The part below that opens with the line containing "this 1288×966 image." and closes with the line containing "this 1500×1000 image." should be copied exactly, minus any pictures.

Items listed in a dataset
^^^^^^^^

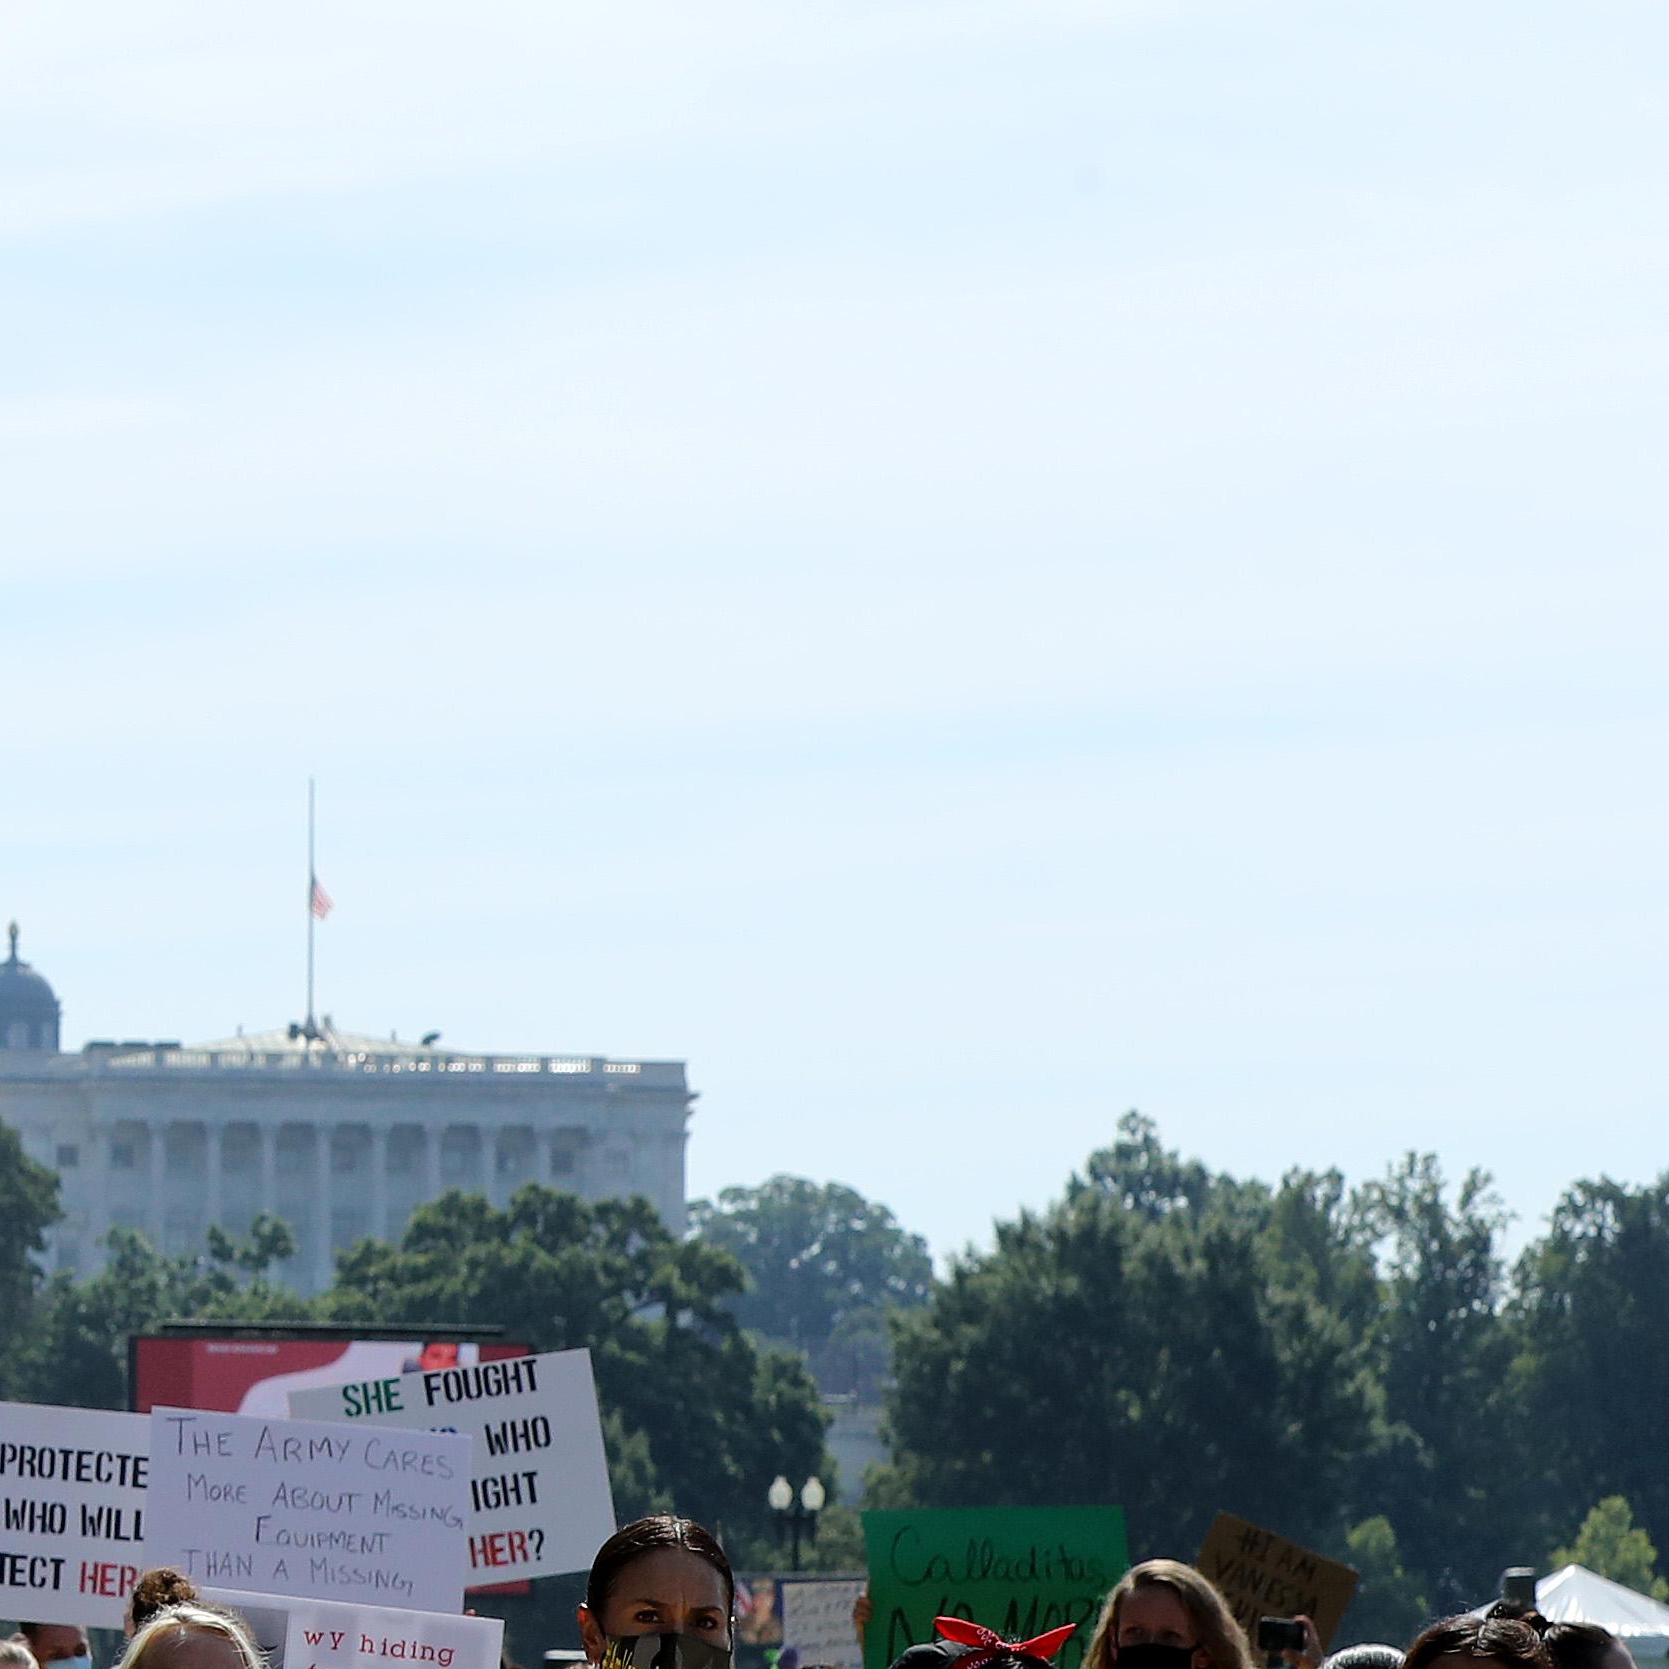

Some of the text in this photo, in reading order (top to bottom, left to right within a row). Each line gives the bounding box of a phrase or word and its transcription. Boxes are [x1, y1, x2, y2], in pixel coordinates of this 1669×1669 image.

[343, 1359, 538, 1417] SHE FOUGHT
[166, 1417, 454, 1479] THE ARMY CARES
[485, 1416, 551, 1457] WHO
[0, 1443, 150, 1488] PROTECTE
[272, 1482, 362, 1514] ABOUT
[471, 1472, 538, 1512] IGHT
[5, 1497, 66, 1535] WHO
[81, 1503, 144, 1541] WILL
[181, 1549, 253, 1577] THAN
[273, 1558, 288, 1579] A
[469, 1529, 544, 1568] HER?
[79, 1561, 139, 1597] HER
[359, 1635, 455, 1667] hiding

^^^^^^^^

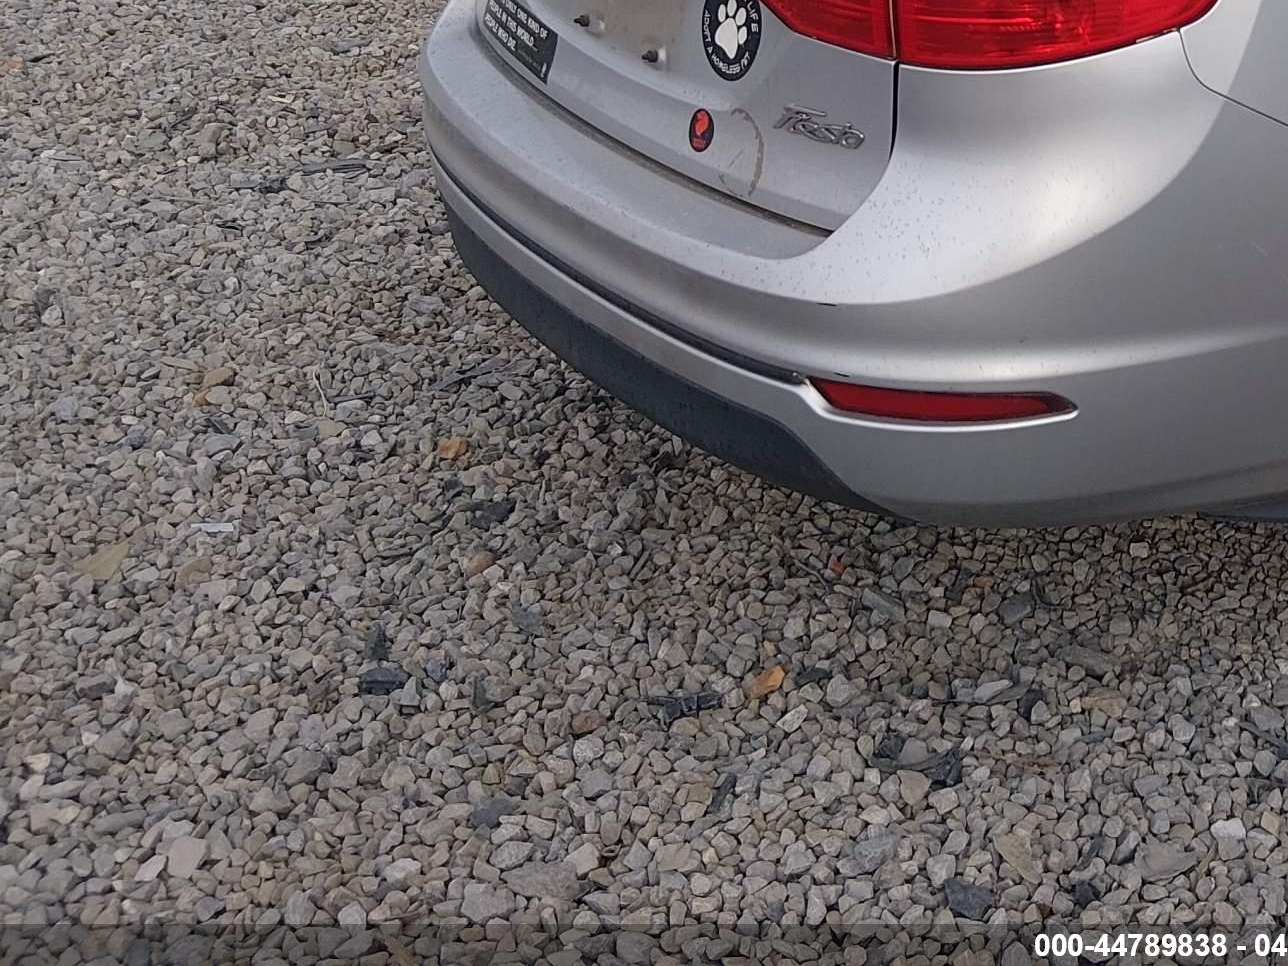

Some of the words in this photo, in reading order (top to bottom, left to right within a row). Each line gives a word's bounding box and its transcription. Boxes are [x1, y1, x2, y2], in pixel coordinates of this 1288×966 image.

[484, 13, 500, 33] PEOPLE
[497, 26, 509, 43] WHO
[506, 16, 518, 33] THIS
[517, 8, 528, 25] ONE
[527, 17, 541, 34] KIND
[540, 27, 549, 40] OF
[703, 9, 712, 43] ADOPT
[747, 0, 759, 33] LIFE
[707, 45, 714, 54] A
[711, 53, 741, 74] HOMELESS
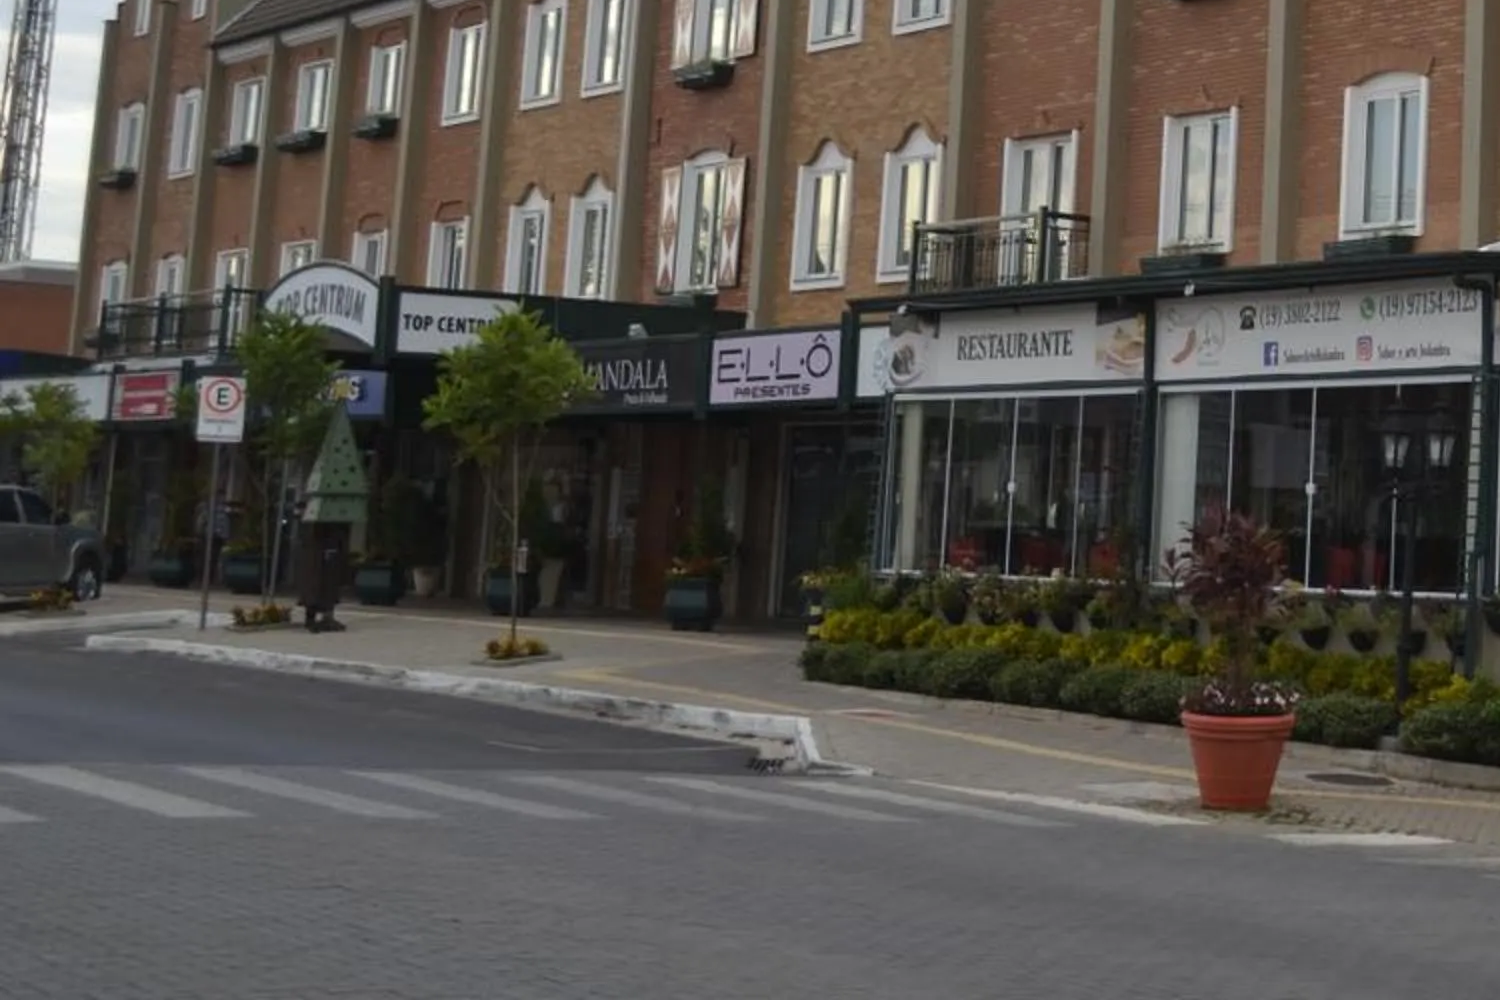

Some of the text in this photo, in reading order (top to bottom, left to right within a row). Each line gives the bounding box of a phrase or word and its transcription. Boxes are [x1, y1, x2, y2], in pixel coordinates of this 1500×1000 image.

^^^^^^^^

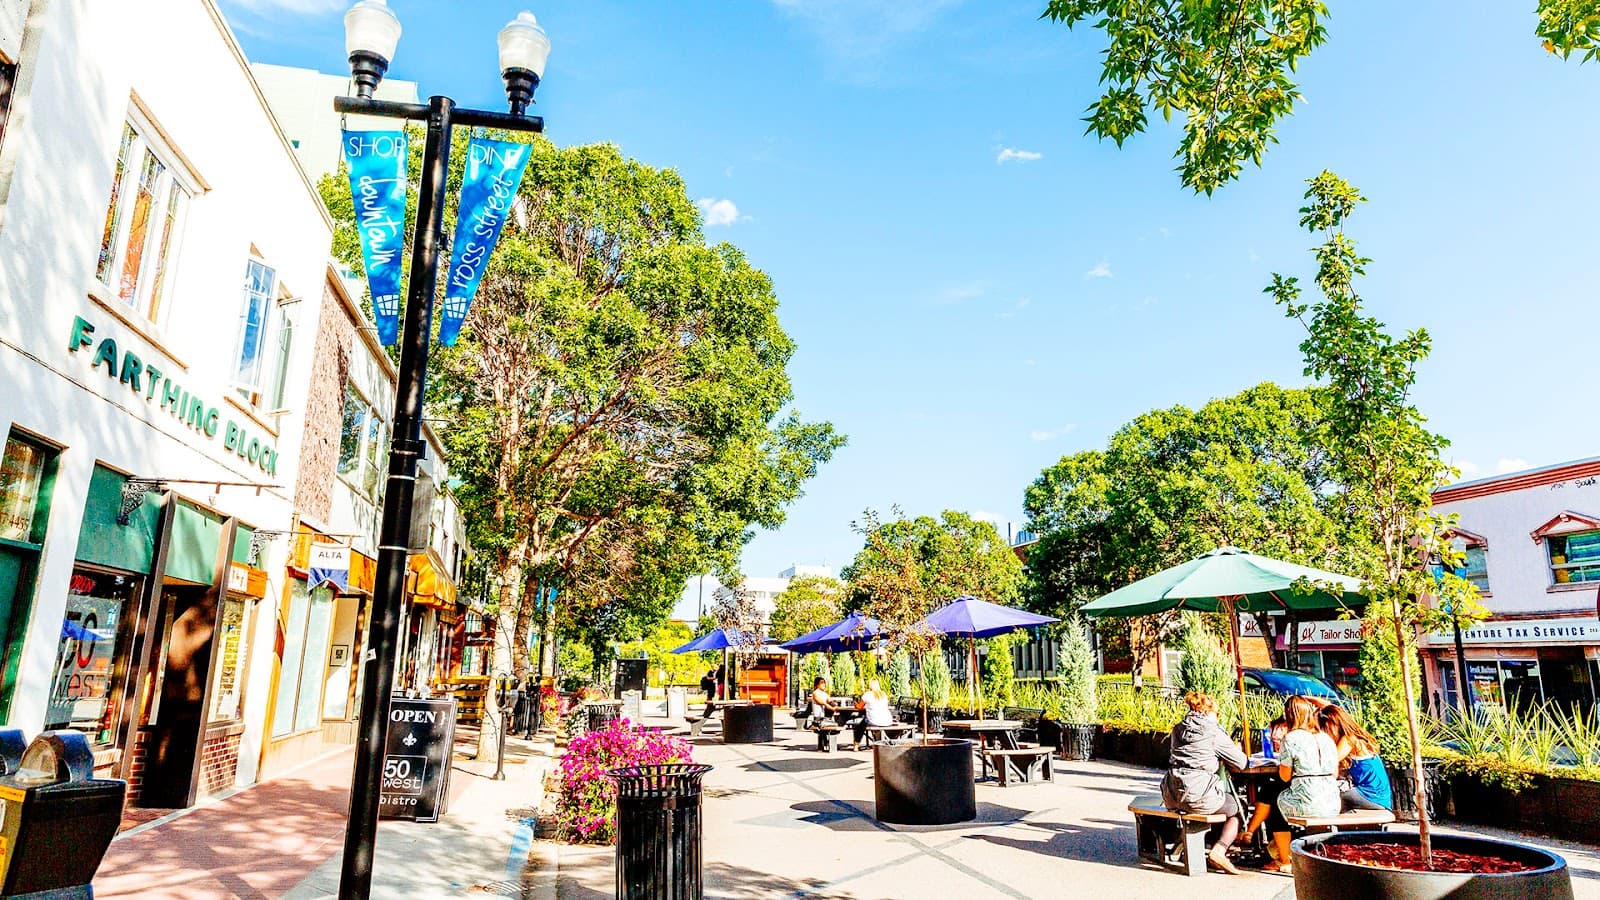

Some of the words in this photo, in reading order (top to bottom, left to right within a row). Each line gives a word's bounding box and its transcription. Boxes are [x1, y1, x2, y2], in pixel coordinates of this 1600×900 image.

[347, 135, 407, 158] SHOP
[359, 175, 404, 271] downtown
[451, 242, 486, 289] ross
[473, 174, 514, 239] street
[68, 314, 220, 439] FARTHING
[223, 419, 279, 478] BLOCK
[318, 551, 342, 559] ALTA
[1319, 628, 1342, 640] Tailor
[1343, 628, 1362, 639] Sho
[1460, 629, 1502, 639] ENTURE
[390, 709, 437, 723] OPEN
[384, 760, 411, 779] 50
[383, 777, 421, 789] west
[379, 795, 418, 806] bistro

^^^^^^^^

● **Response for this exercise**:
Some of the words in this photo, in reading order (top to bottom, left to right within a row). Each line gives a word's bounding box and its transcription. Boxes are [x1, y1, x2, y2], in pixel coordinates of this 1288×966 image.

[484, 13, 500, 33] PEOPLE
[497, 26, 509, 43] WHO
[506, 16, 518, 33] THIS
[517, 8, 528, 25] ONE
[527, 17, 541, 34] KIND
[540, 27, 549, 40] OF
[703, 9, 712, 43] ADOPT
[747, 0, 759, 33] LIFE
[707, 45, 714, 54] A
[711, 53, 741, 74] HOMELESS

Some of the text in this photo, in reading order (top to bottom, left to right within a row). Each line gives the bounding box of a phrase or word and its transcription. Boxes are [x1, y1, x2, y2], in pixel coordinates of this 1500×1000 image.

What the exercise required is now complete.